### EXERCISE INSTRUCTIONS
Word for word, print each record, dropping any image it holds.
##############################
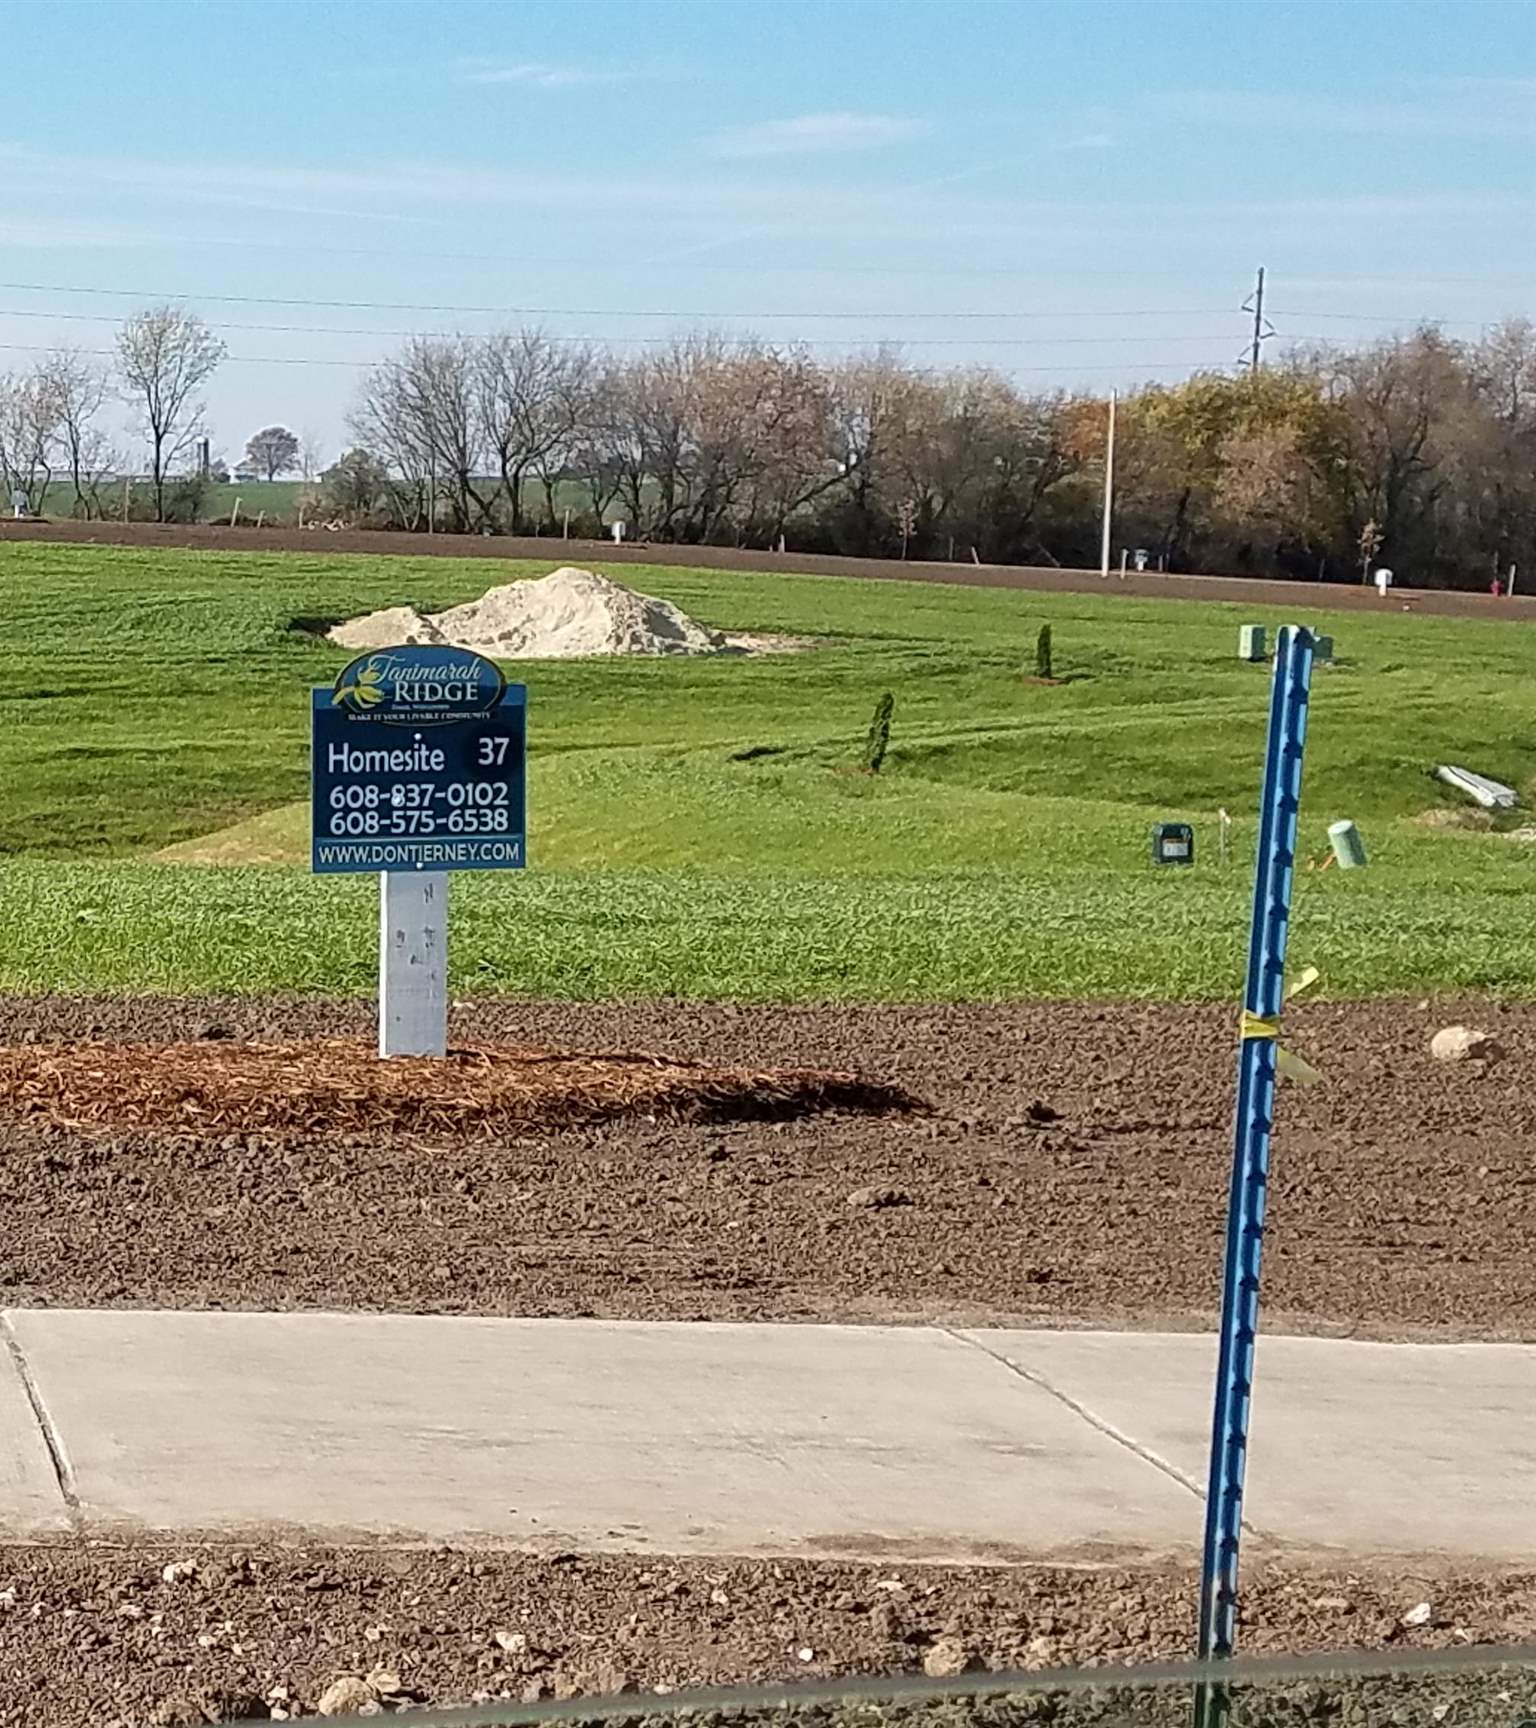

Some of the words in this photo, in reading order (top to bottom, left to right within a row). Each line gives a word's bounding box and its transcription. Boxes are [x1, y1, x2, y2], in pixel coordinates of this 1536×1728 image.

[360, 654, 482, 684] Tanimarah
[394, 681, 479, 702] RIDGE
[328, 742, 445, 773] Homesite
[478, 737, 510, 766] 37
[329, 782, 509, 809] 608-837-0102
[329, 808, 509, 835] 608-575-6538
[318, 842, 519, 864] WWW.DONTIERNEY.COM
##############################
### RESULT
Some of the words in this photo, in reading order (top to bottom, left to right within a row). Each line gives a word's bounding box and its transcription. Boxes are [x1, y1, x2, y2], in pixel coordinates of this 1536×1728 image.

[360, 654, 482, 684] Tanimarah
[394, 681, 479, 702] RIDGE
[328, 742, 445, 773] Homesite
[478, 737, 510, 766] 37
[329, 782, 509, 809] 608-837-0102
[329, 808, 509, 835] 608-575-6538
[318, 842, 519, 864] WWW.DONTIERNEY.COM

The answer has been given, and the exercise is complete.